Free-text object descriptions
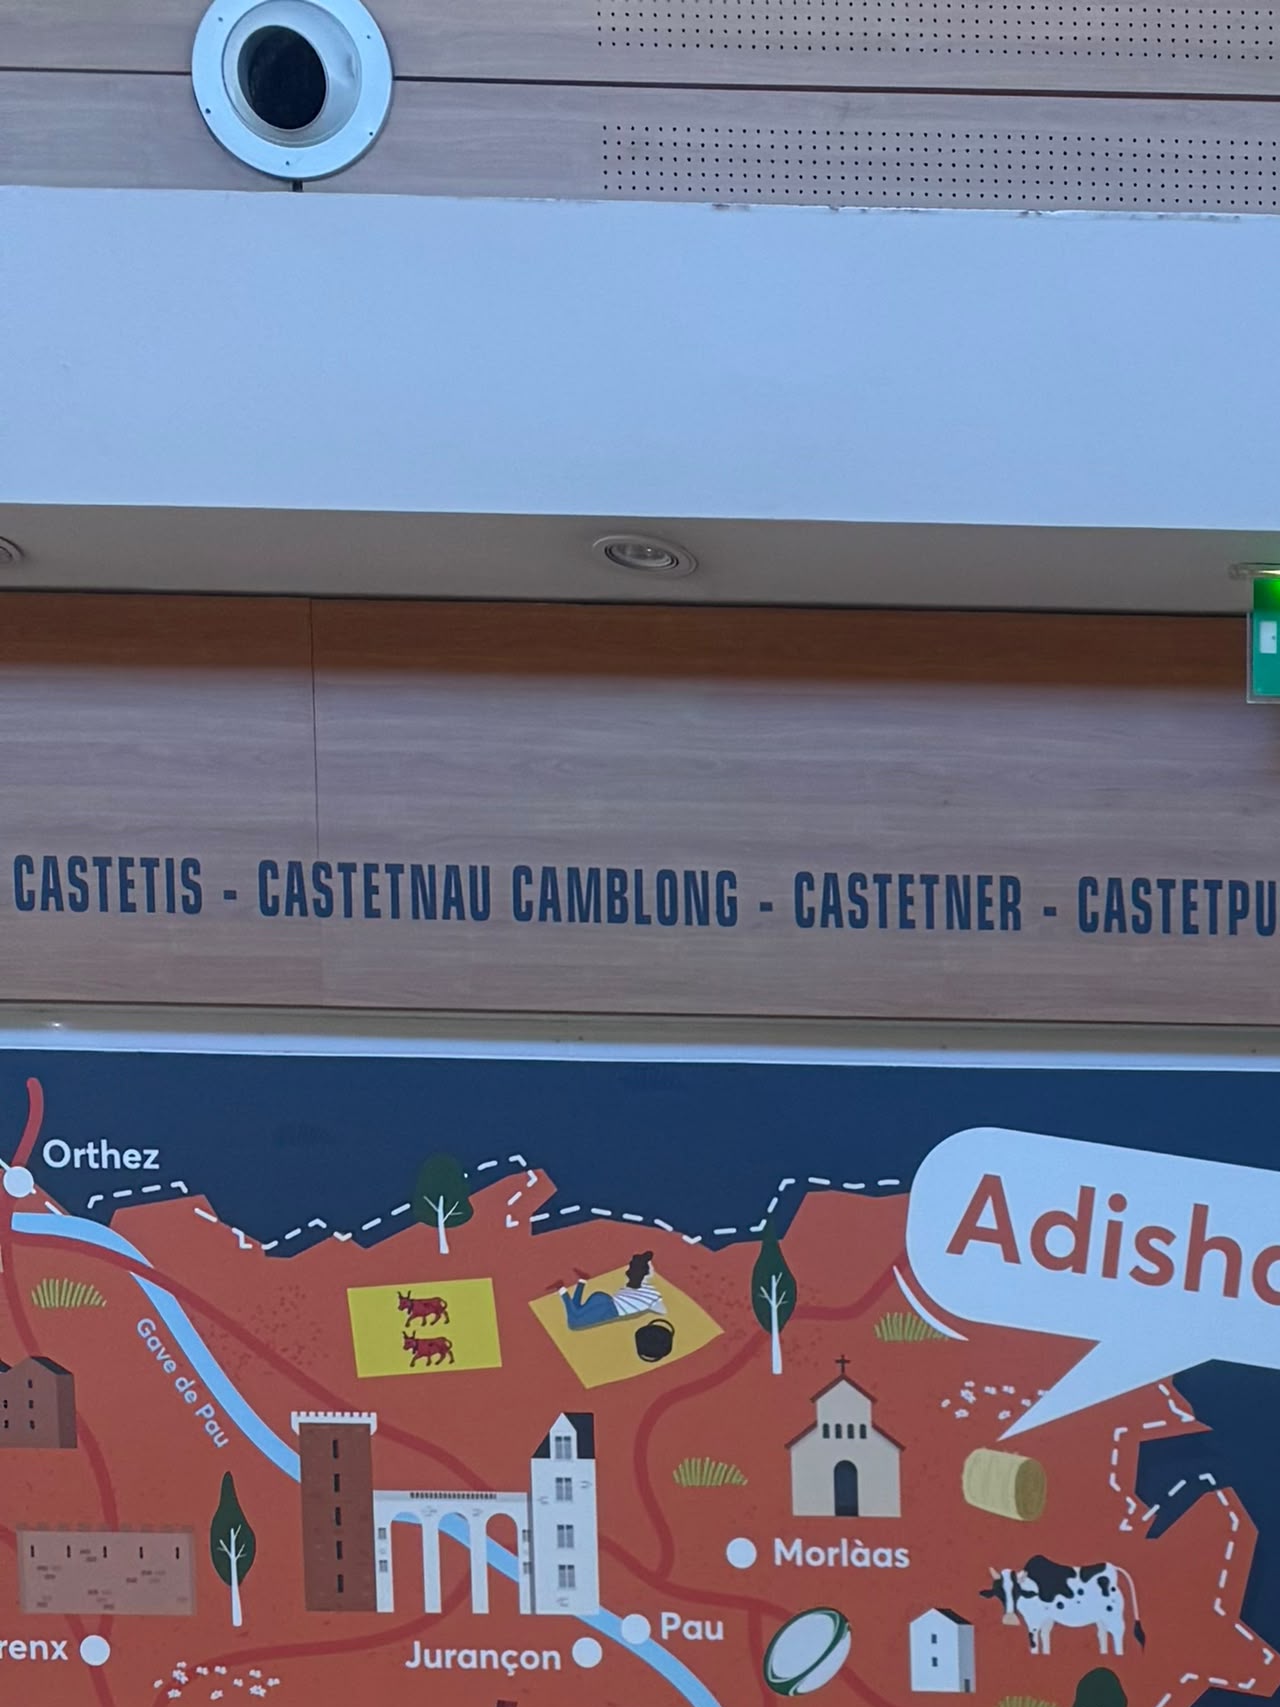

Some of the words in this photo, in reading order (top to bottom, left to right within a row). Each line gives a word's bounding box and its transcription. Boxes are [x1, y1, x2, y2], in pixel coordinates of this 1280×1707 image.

[13, 854, 202, 914] CASTETIS
[258, 859, 490, 921] CASTETNAU
[511, 865, 738, 927] CAMBLONG
[793, 871, 1021, 931] CASTETNER
[42, 1138, 160, 1170] Orthez
[136, 1317, 177, 1374] Gave
[175, 1376, 198, 1404] de
[194, 1402, 230, 1449] Pau
[773, 1537, 911, 1569] Morlàas
[660, 1611, 725, 1641] Pau
[0, 1639, 69, 1661] renx
[404, 1640, 562, 1677] Jurançon
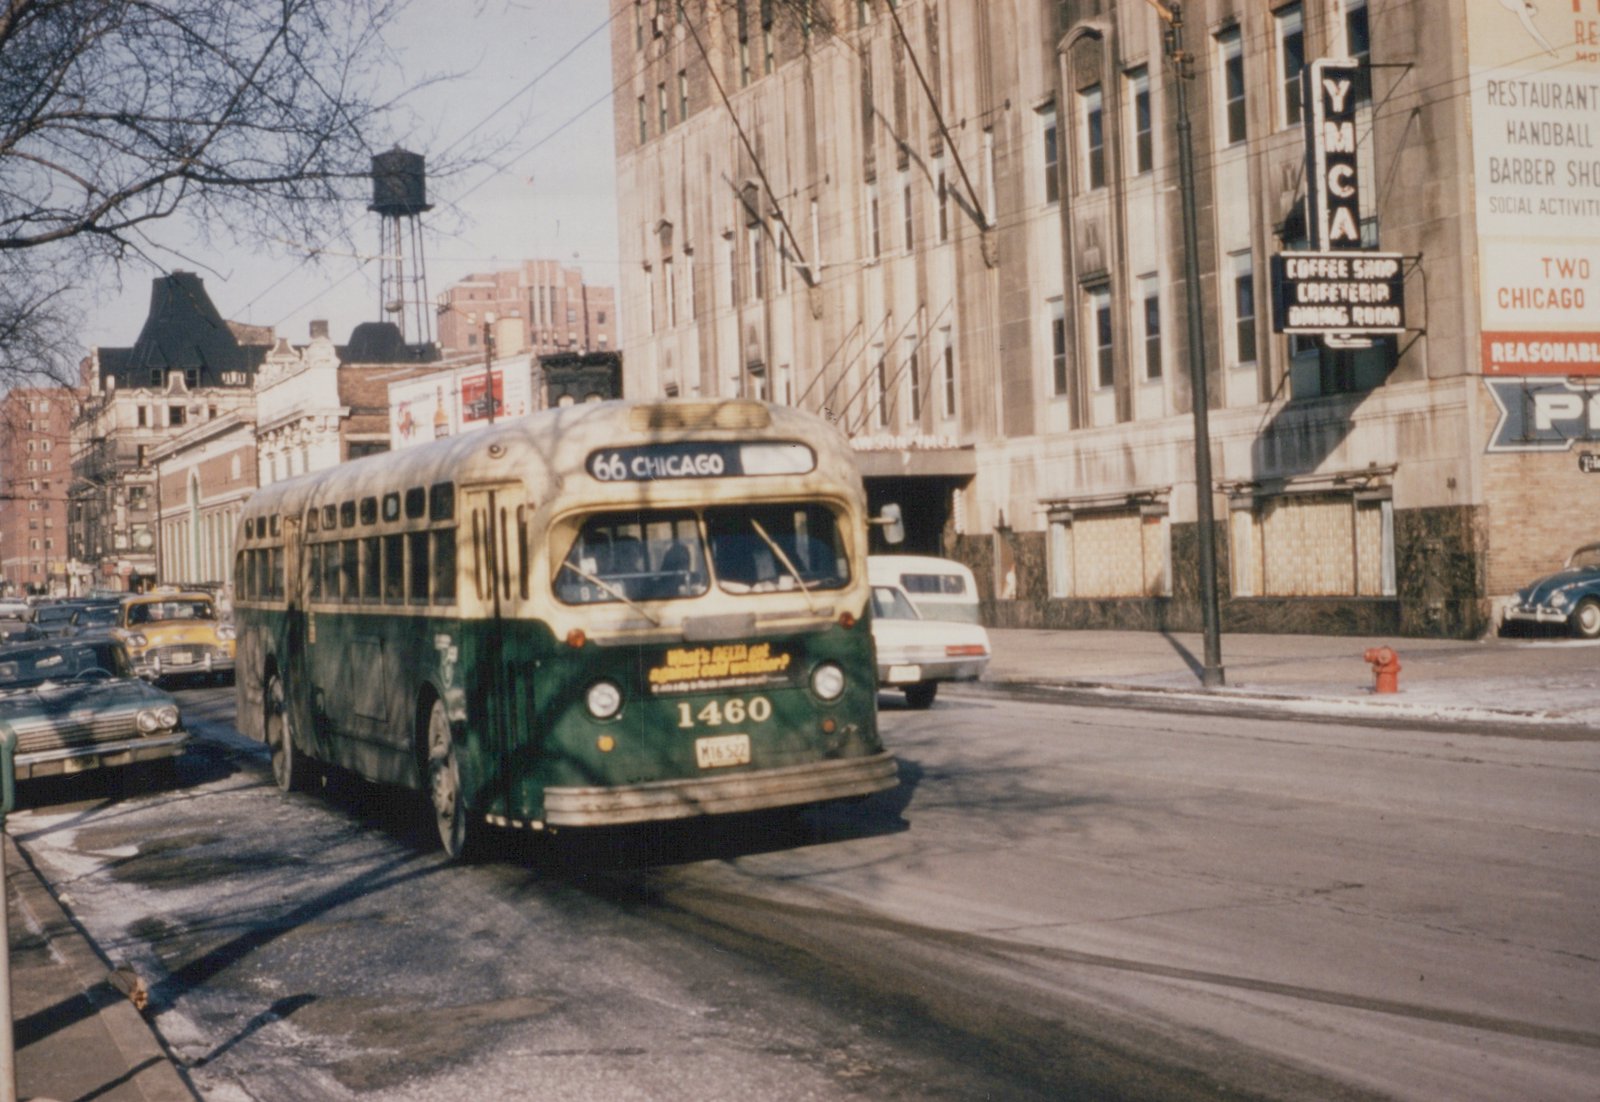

**THE PROBLEM:** Once the pictures are removed, set down what remains of the entries above exactly.

**OUTPUT OF THE EXERCISE:**
Some of the words in this photo, in reading order (top to bottom, left to right within a row). Each line gives a word's bounding box and its transcription. Boxes are [x1, y1, x2, y2], in pixel coordinates of this 1280×1707 image.

[13, 854, 202, 914] CASTETIS
[258, 859, 490, 921] CASTETNAU
[511, 865, 738, 927] CAMBLONG
[793, 871, 1021, 931] CASTETNER
[42, 1138, 160, 1170] Orthez
[136, 1317, 177, 1374] Gave
[175, 1376, 198, 1404] de
[194, 1402, 230, 1449] Pau
[773, 1537, 911, 1569] Morlàas
[660, 1611, 725, 1641] Pau
[0, 1639, 69, 1661] renx
[404, 1640, 562, 1677] Jurançon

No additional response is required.